C’è una città del nord, Como, e c’è un mattino d’autunno — il 15 settembre 2020 — in cui una storia di bene si è interrotta su un marciapiede, a pochi passi dalla chiesa di San Rocco. Don Roberto Malgesini, 51 anni compiuti da un mese, stava facendo quello che faceva ogni mattina: caricava sulla sua auto dolci, biscotti e bevande calde. Un “giro colazioni”, lo chiamavano lui e i suoi volontari. Un giro tra i poveri, i senza dimora, gli invisibili di una città che — come tutte le città — preferisce non guardare troppo in basso.

A ucciderlo fu uno di quegli invisibili. Un uomo che don Roberto conosceva bene, al quale aveva sempre offerto aiuto, cura, presenza. Un uomo che il tribunale, due anni dopo, ha condannato in via definitiva a 25 anni di carcere. Il paradosso straziante è tutto qui: Malgesini non fu ucciso dall’indifferenza, ma dall’abisso di fragilità che si nasconde in chi vive ai margini — lo stesso abisso che lui, ogni giorno, cercava di illuminare con un sorriso e una tazza calda.

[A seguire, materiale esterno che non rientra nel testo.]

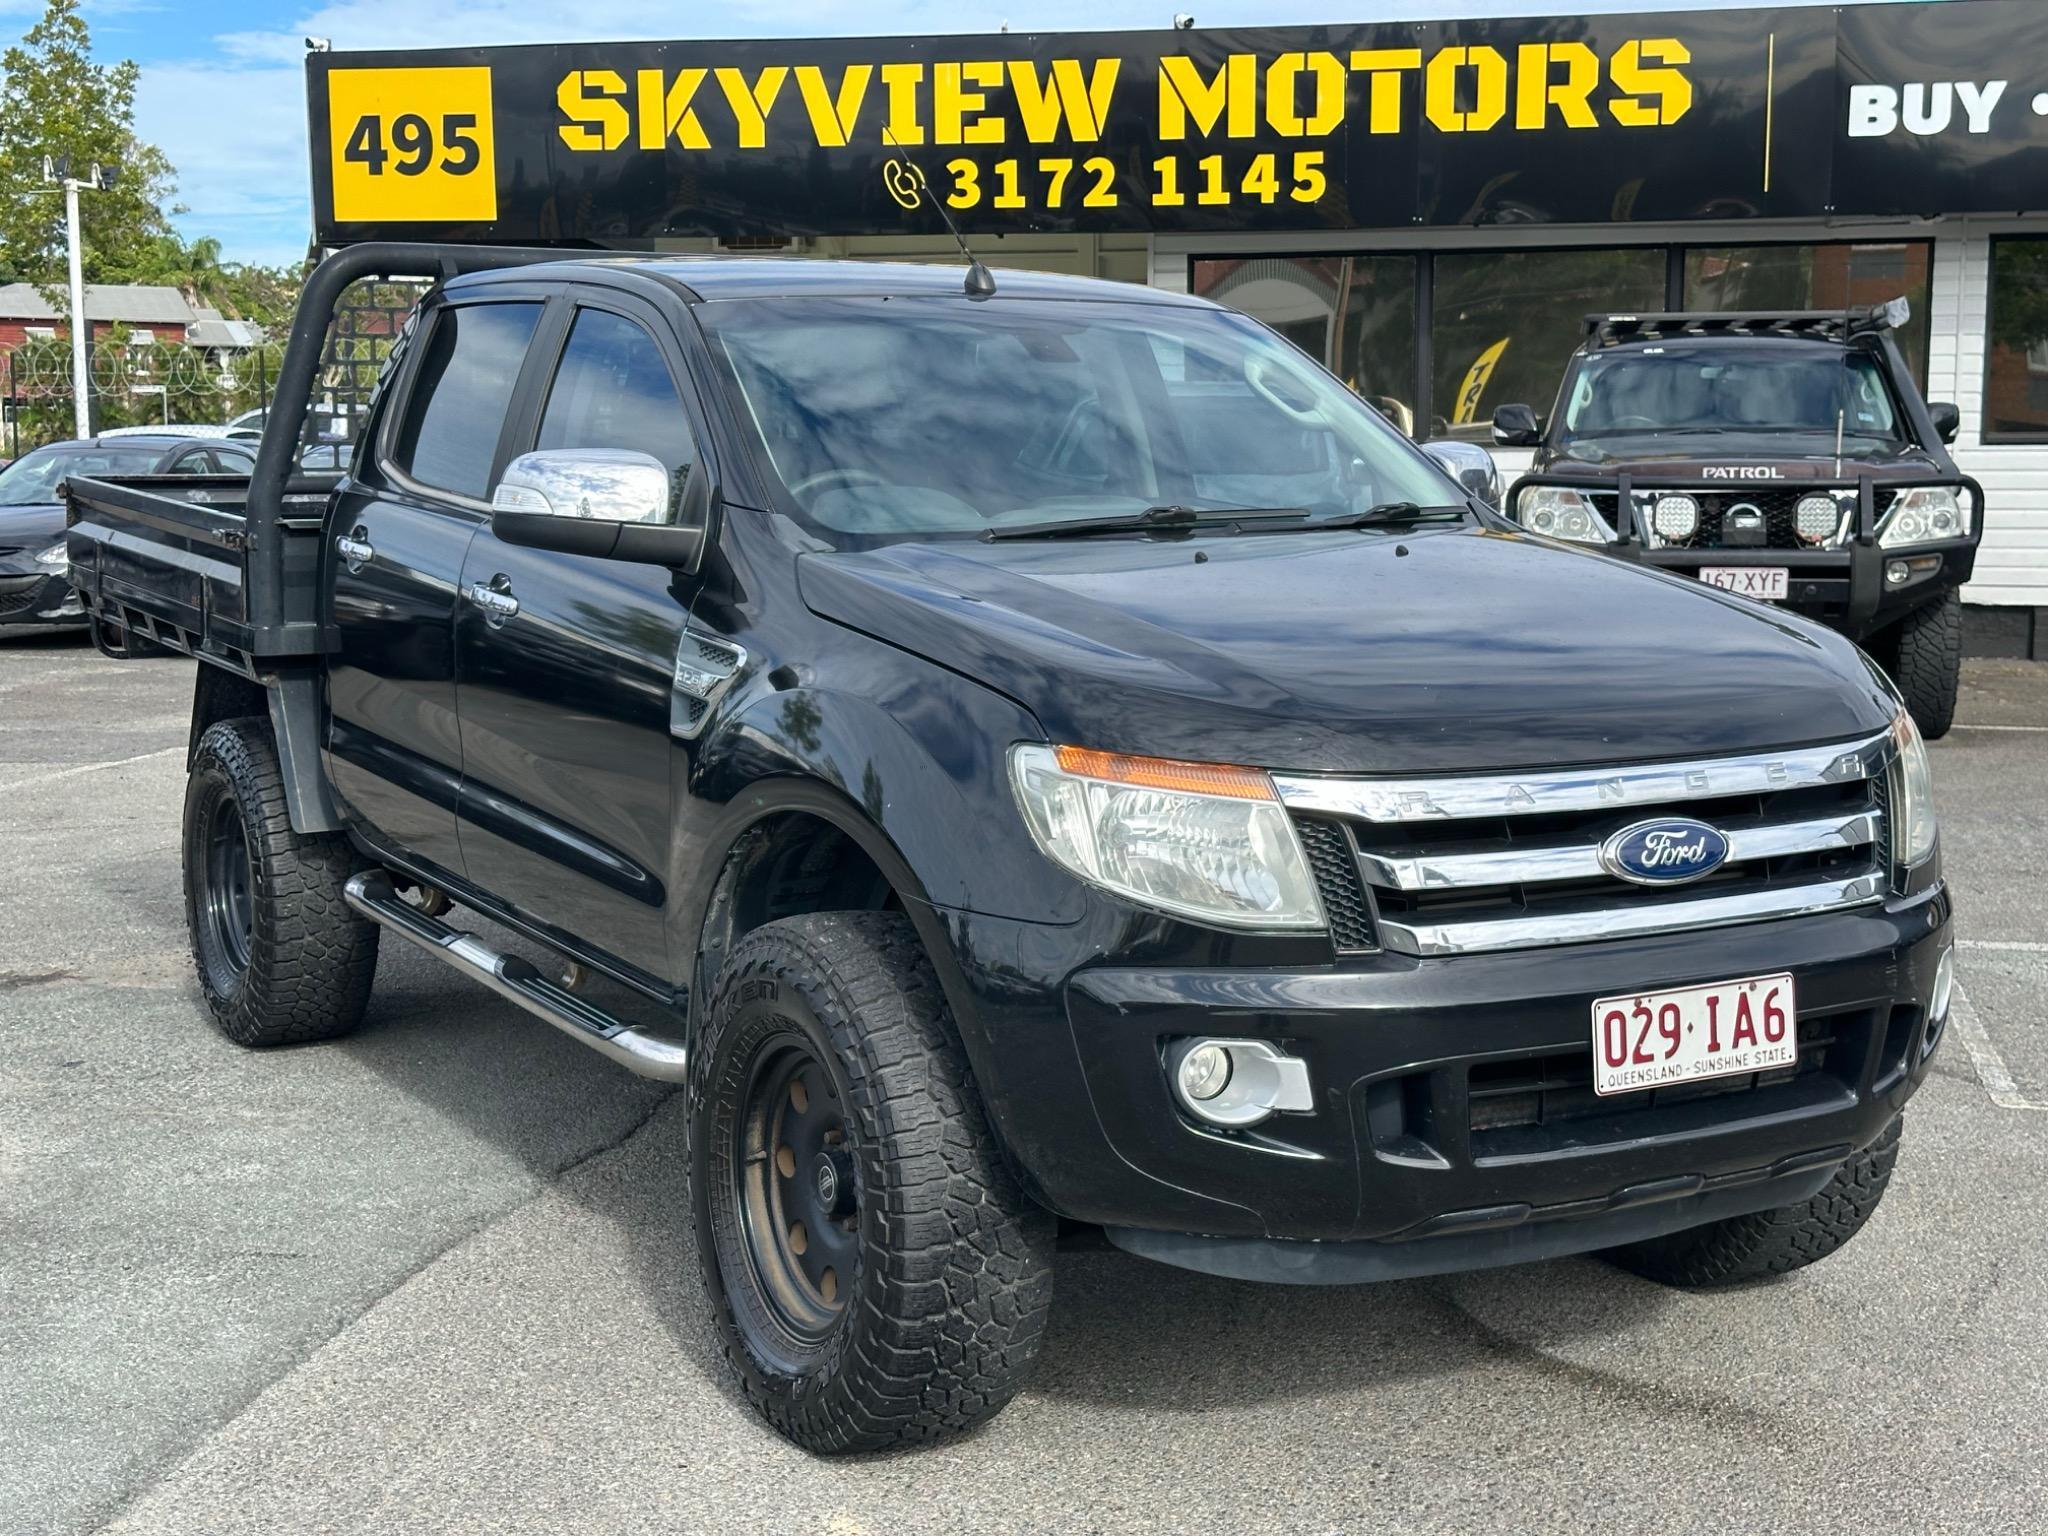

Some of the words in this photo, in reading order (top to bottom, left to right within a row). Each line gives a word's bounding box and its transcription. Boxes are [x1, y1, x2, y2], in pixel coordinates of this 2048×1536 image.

[557, 59, 1120, 151] SKYVIEW
[1158, 38, 1693, 140] MOTORS
[1848, 81, 2008, 137] BUY
[344, 114, 480, 176] 495
[946, 157, 1118, 209] 3172
[1153, 151, 1327, 206] 1145
[1701, 466, 1785, 479] PATROL
[1396, 754, 1866, 813] RANGER
[1641, 830, 1707, 868] Ford
[1608, 1064, 1683, 1087] QUEENSLAND
[1693, 1055, 1750, 1074] SUNSHINE
[1754, 1047, 1787, 1065] STATE

Don Roberto era prete nella comunità pastorale “Giovanni Battista Scalabrini” di Como. Un prete schivo, lontano dai riflettori, che aveva scelto come parrocchiani i dimenticati: migranti, clochard, tossicodipendenti, senzatetto. Non era un filantropo, tengono a precisare chi lo ha conosciuto. Era, prima di tutto, un uomo di preghiera — la sua giornata erapreghiera — che nel volto di ogni disperato sapeva scorgere qualcosa di sacro.

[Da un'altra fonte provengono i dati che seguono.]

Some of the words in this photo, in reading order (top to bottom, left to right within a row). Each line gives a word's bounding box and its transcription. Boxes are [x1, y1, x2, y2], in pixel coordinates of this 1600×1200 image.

Ora, il 21 marzo 2025, durante un ritiro di Quaresima dei giovani a Como, il cardinale Oscar Cantoni ha letto ad alta voce una lettera in latino giunta dalla Santa Sede. Il Dicastero delle Cause dei Santi ha comunicato il nihil obstat: nessun impedimento all’avvio della fase diocesana per il processo di beatificazione. Presenti in sala: decine di ragazzi, e Caterina, la sorella di don Roberto. Gli applausi si sono prolungati a lungo. Il cardinale si è commosso.

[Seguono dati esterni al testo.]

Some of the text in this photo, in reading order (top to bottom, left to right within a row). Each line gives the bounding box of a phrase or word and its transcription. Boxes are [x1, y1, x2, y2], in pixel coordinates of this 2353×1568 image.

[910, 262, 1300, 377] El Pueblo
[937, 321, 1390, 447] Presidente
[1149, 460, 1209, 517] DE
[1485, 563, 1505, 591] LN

C’è una coincidenza che fa riflettere: don Roberto Malgesini e don Pino Puglisi, il parroco di Palermo trucidato dalla mafia nel 1993, sono morti entrambi il 15 settembre, a 27 anni di distanza l’uno dall’altro. Due preti uccisi da chi avrebbero dovuto, in teoria, proteggere. Due testimonianze che la Chiesa oggi affianca, citando Tertulliano: il sangue dei martiri è seme di nuovi cristiani.

Don Roberto Bartesaghi, compagno di ordinazione e amico fraterno di Malgesini, ha detto una cosa che vale la pena fermarsi a custodire: «Commuove e spaventa l’idea che chi vive accanto a te potrebbe essere un santo, ma tu non lo sai». È forse il senso più autentico di questa storia. La santità non abita i piedistalli. Abita i cofani delle automobili carichi di biscotti, all’alba, in una città di provincia. Abita il sorriso tenuto anche nei momenti di difficoltà. Abita la scelta ostinata, quotidiana, di non voltarsi dall’altra parte.

Como aspetta ora di percorrere i passi canonici di un processo lungo e rigoroso. Ma in fondo, per chi lo ha conosciuto, il processo era già scritto in ogni mattina di quel giro colazioni.